◆ What you have to do: Pictures do not belong in the copy, so please give every entry below again exactly.

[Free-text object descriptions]
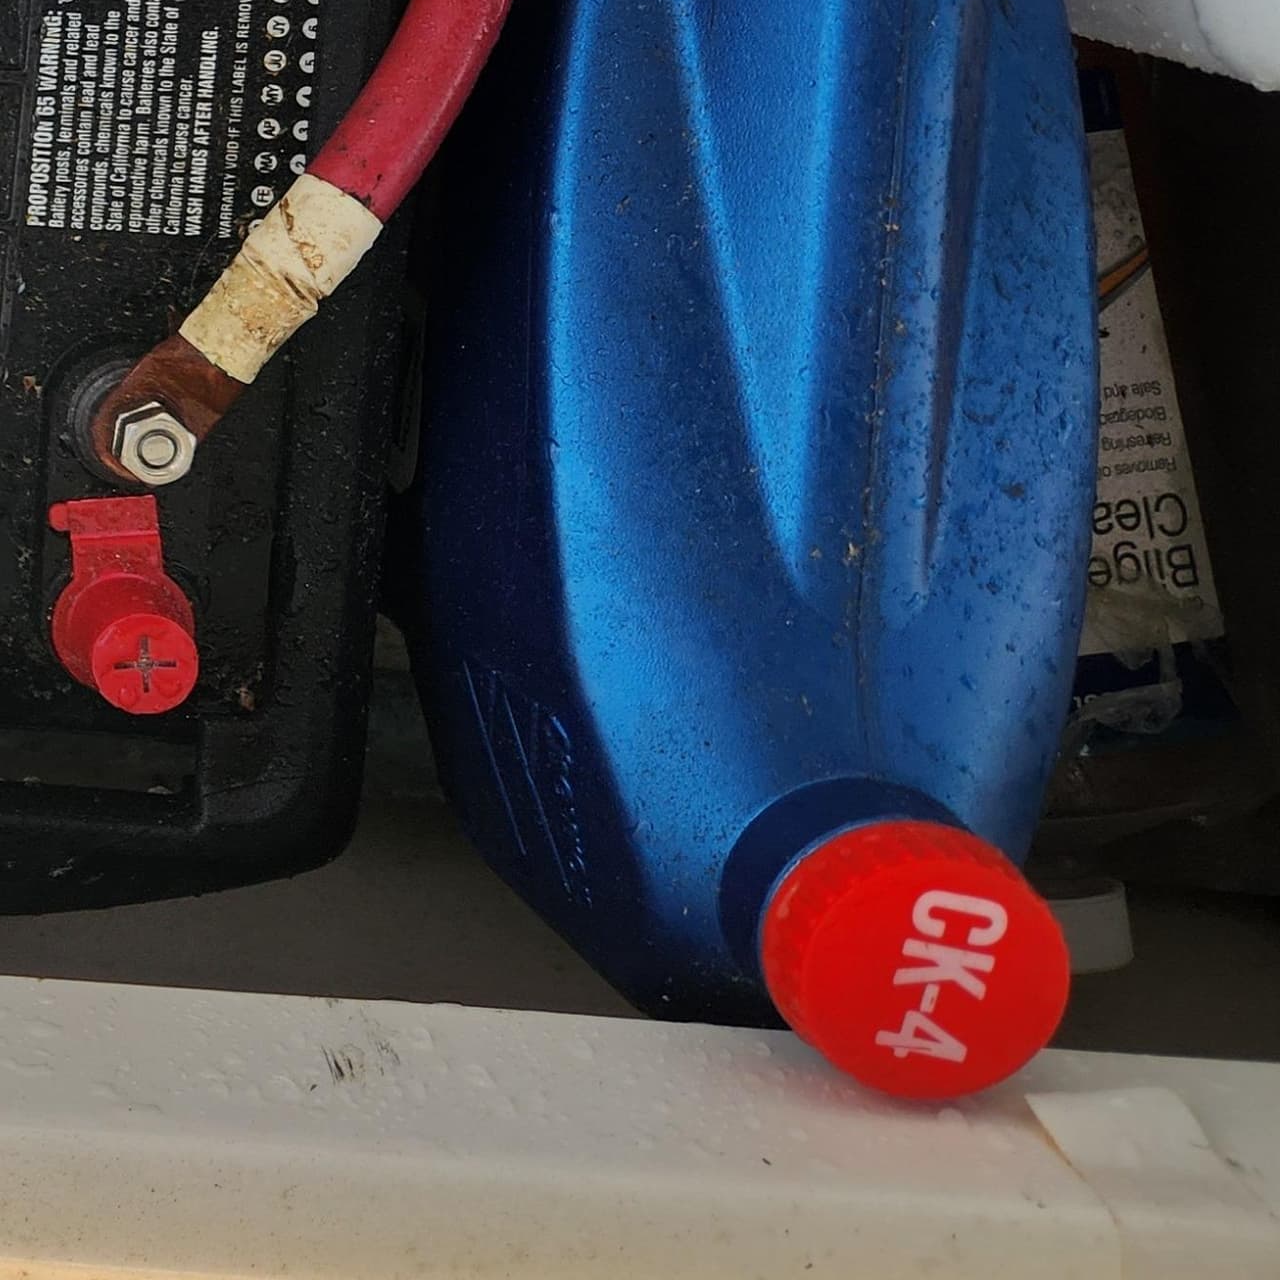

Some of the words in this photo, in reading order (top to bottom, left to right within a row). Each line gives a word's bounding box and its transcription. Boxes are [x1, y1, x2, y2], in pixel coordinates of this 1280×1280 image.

[36, 9, 63, 91] WARNING:
[63, 11, 82, 56] related
[83, 23, 100, 51] lead
[235, 41, 248, 53] IS
[62, 58, 78, 81] and
[81, 54, 98, 77] and
[196, 25, 218, 98] HANDLING.
[232, 56, 247, 93] LABEL
[35, 95, 56, 116] 65
[57, 84, 76, 143] terminals
[79, 80, 96, 107] lead
[228, 96, 243, 124] THIS
[75, 110, 93, 155] contain
[192, 101, 212, 144] AFTER
[227, 126, 240, 136] IF
[26, 120, 54, 226] PROPOSITION
[188, 147, 208, 194] HANDS
[224, 140, 239, 169] VOID
[48, 184, 71, 228] Battery
[69, 157, 89, 229] accessories
[218, 172, 236, 238] WARRANTY
[185, 197, 204, 236] WASH
[1132, 380, 1161, 397] Safe
[1115, 455, 1176, 475] Removes
[1088, 542, 1200, 589] Bilge
[874, 889, 1008, 1063] CK-4

◆ Output of the exercise:
Some of the words in this photo, in reading order (top to bottom, left to right within a row). Each line gives a word's bounding box and its transcription. Boxes are [x1, y1, x2, y2], in pixel coordinates of this 1280×1280 image.

[36, 9, 63, 91] WARNING:
[63, 11, 82, 56] related
[83, 23, 100, 51] lead
[235, 41, 248, 53] IS
[62, 58, 78, 81] and
[81, 54, 98, 77] and
[196, 25, 218, 98] HANDLING.
[232, 56, 247, 93] LABEL
[35, 95, 56, 116] 65
[57, 84, 76, 143] terminals
[79, 80, 96, 107] lead
[228, 96, 243, 124] THIS
[75, 110, 93, 155] contain
[192, 101, 212, 144] AFTER
[227, 126, 240, 136] IF
[26, 120, 54, 226] PROPOSITION
[188, 147, 208, 194] HANDS
[224, 140, 239, 169] VOID
[48, 184, 71, 228] Battery
[69, 157, 89, 229] accessories
[218, 172, 236, 238] WARRANTY
[185, 197, 204, 236] WASH
[1132, 380, 1161, 397] Safe
[1115, 455, 1176, 475] Removes
[1088, 542, 1200, 589] Bilge
[874, 889, 1008, 1063] CK-4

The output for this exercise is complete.